Adaptive diversity can result from undirected variation and "selection" (= differential persistance, regardless of intent)

Switch in story telling style from non-narrative foundational to narrative foundational to emergence

Great Chain of Being Fixed Entities, Tree of Life Emergence
spatial order, time irrelevant time relevant, but playing out eternal or inevitable order time critical, order changing as it goes along

Darwin a wide-ranging empiricist

  • pigeon breeding
  • finches
  • Sir Charles Lyell, uniformitarianism
  • Malthus, population growth

Who's the creative agent?  "natural selection"?

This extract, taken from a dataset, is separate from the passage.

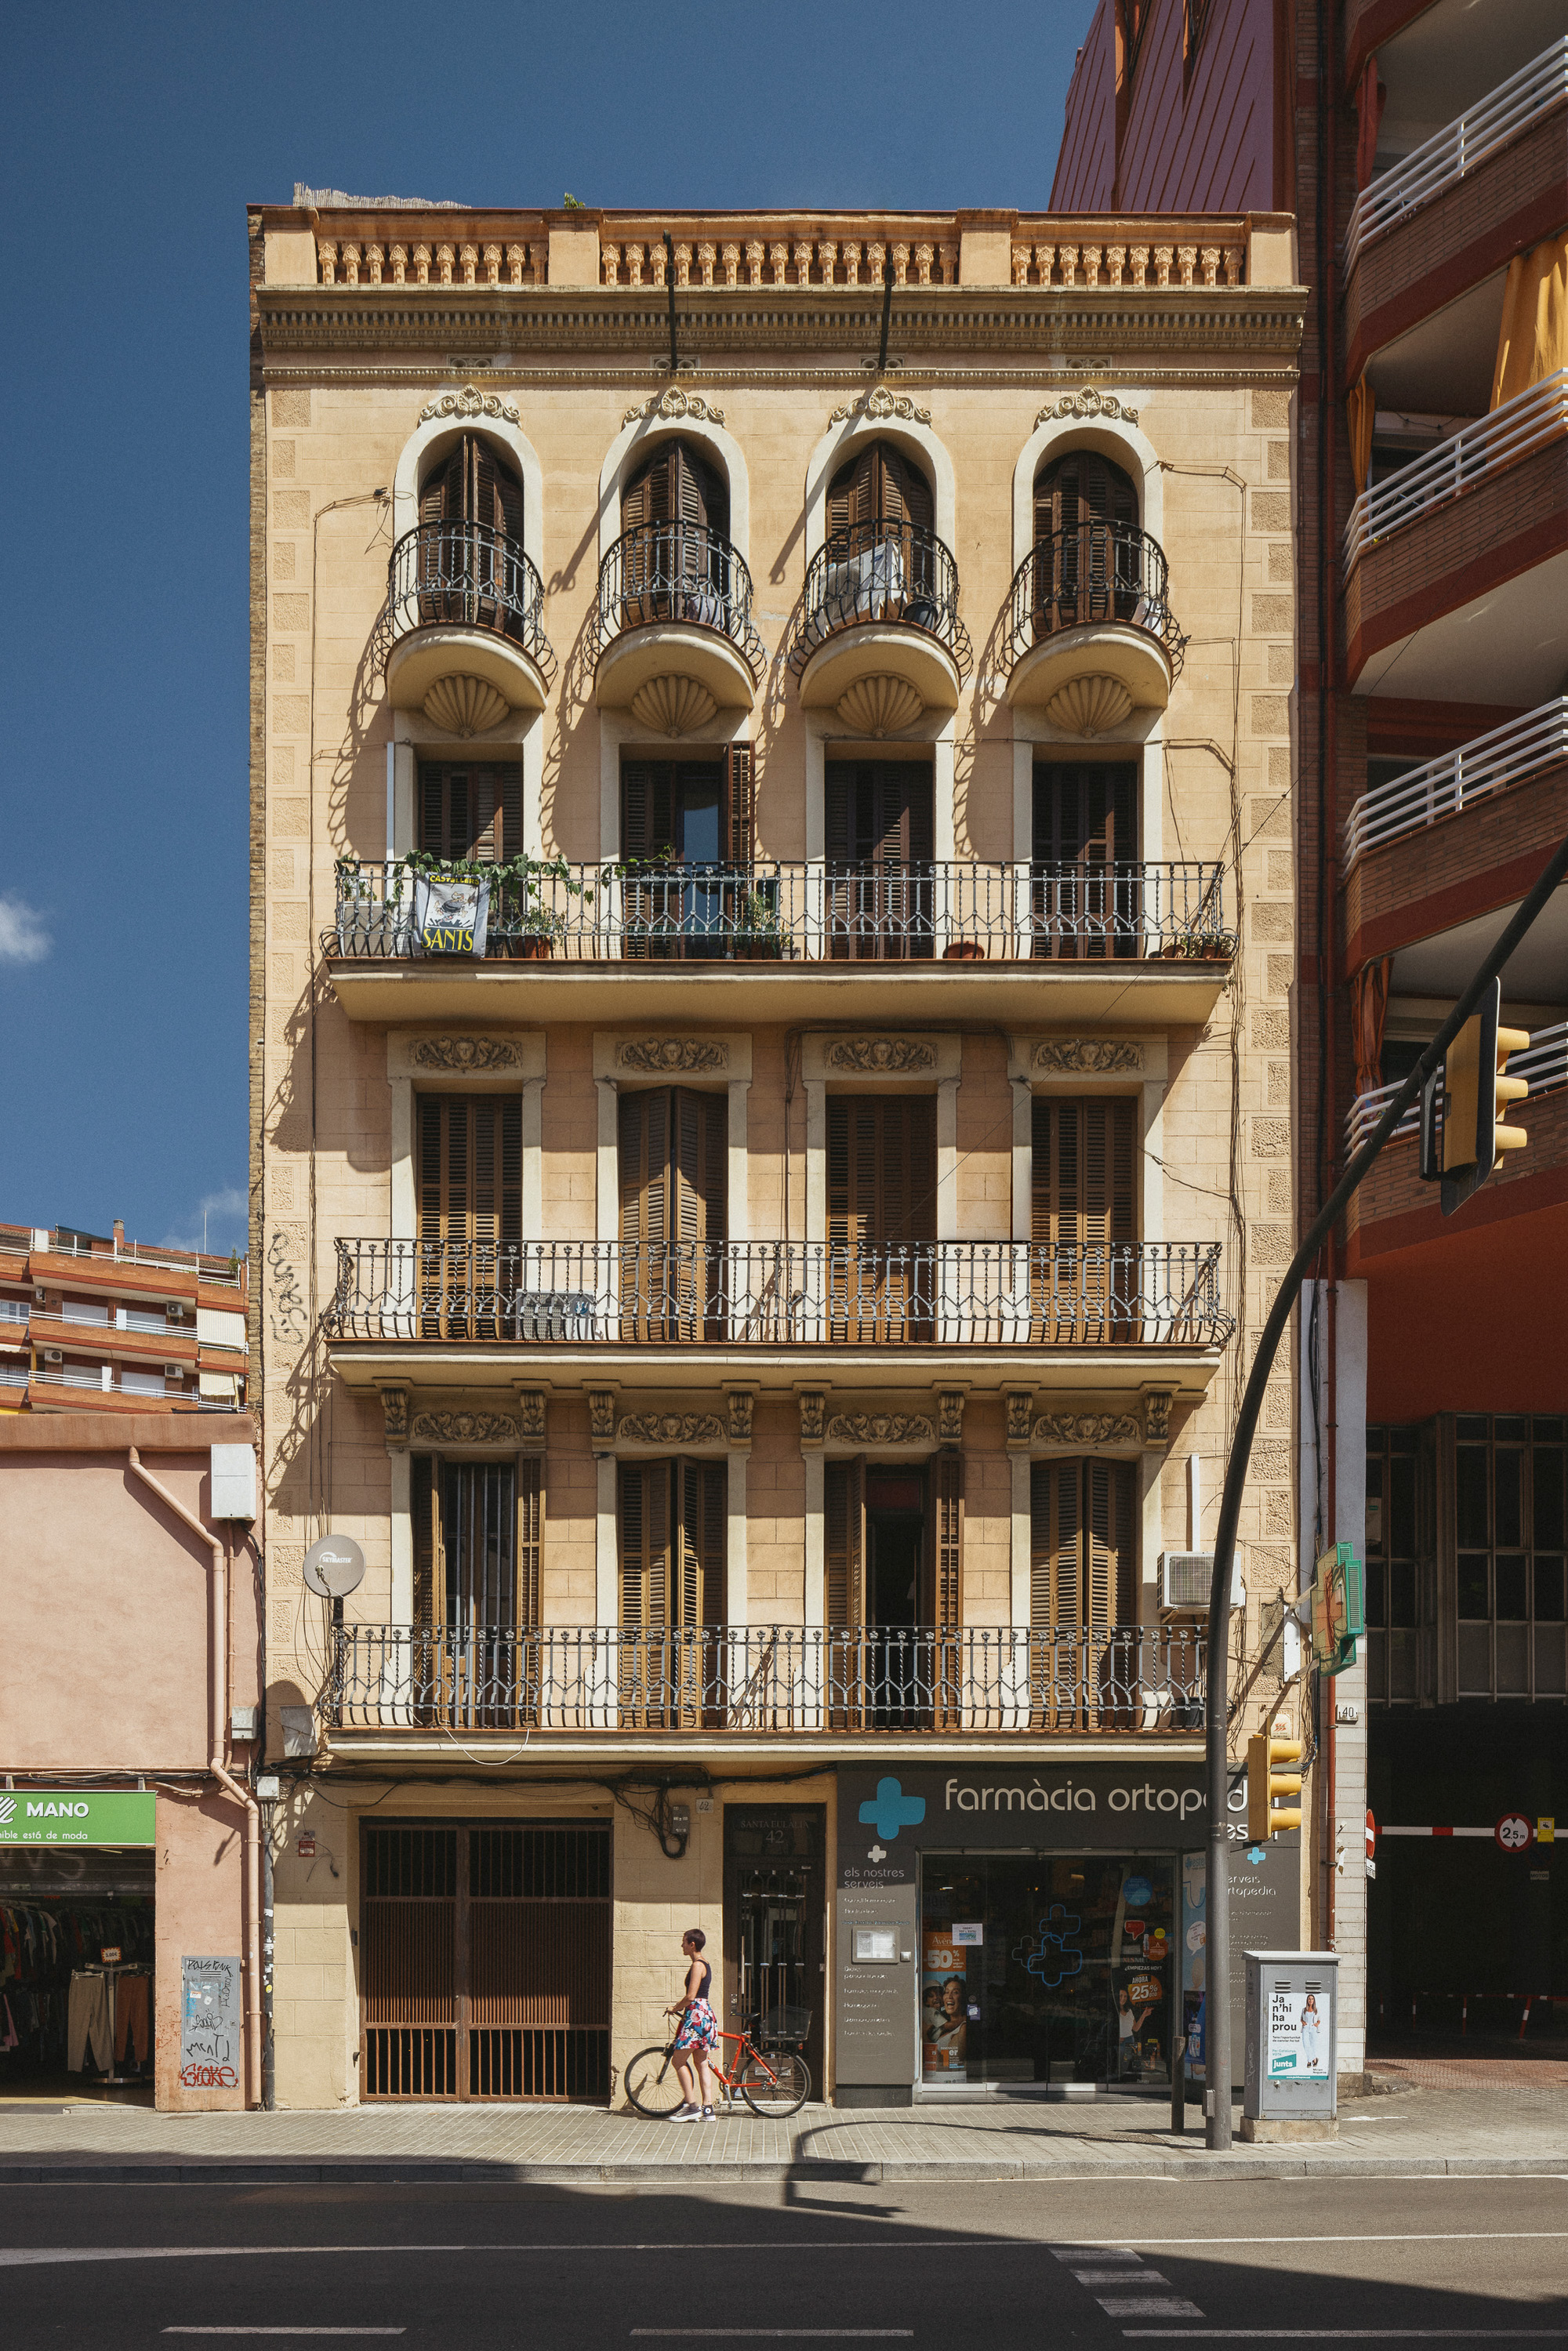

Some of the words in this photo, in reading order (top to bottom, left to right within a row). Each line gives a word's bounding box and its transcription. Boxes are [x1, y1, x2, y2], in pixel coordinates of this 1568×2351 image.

The contemporary version of the story Darwin triggered:

Given

  1. inheritance
  2. undirected reproductive variation
  3. differential reproductive success
  4. some degree of reproductive isolation
  5. enough time

It would be possible to account for the diversity of existing life forms on the earth (including Homo sapiens). One need not presume any plan or intention or goal.

According to this story, living organisms, including ourselves,

  • are fundamentally variable
  • had ancestors different from themselves
  • will give rise to organisms different from themselves
  • are defined by ancestry rather than any essential characteristics
  • are accidents of history that might have been otherwise
  • are equally significant in terms of the evolutionary process
  • have additional "meaning" only insofar as it is created by organisms themselves
  • no "selector", intentional agent

Most disturbing part of story?

  • common ancestry (dethroning humanity)?
  • non-essentialism? (dethroning classical thought)?
  • non-foundationalism? (dethroning fixed meaning)?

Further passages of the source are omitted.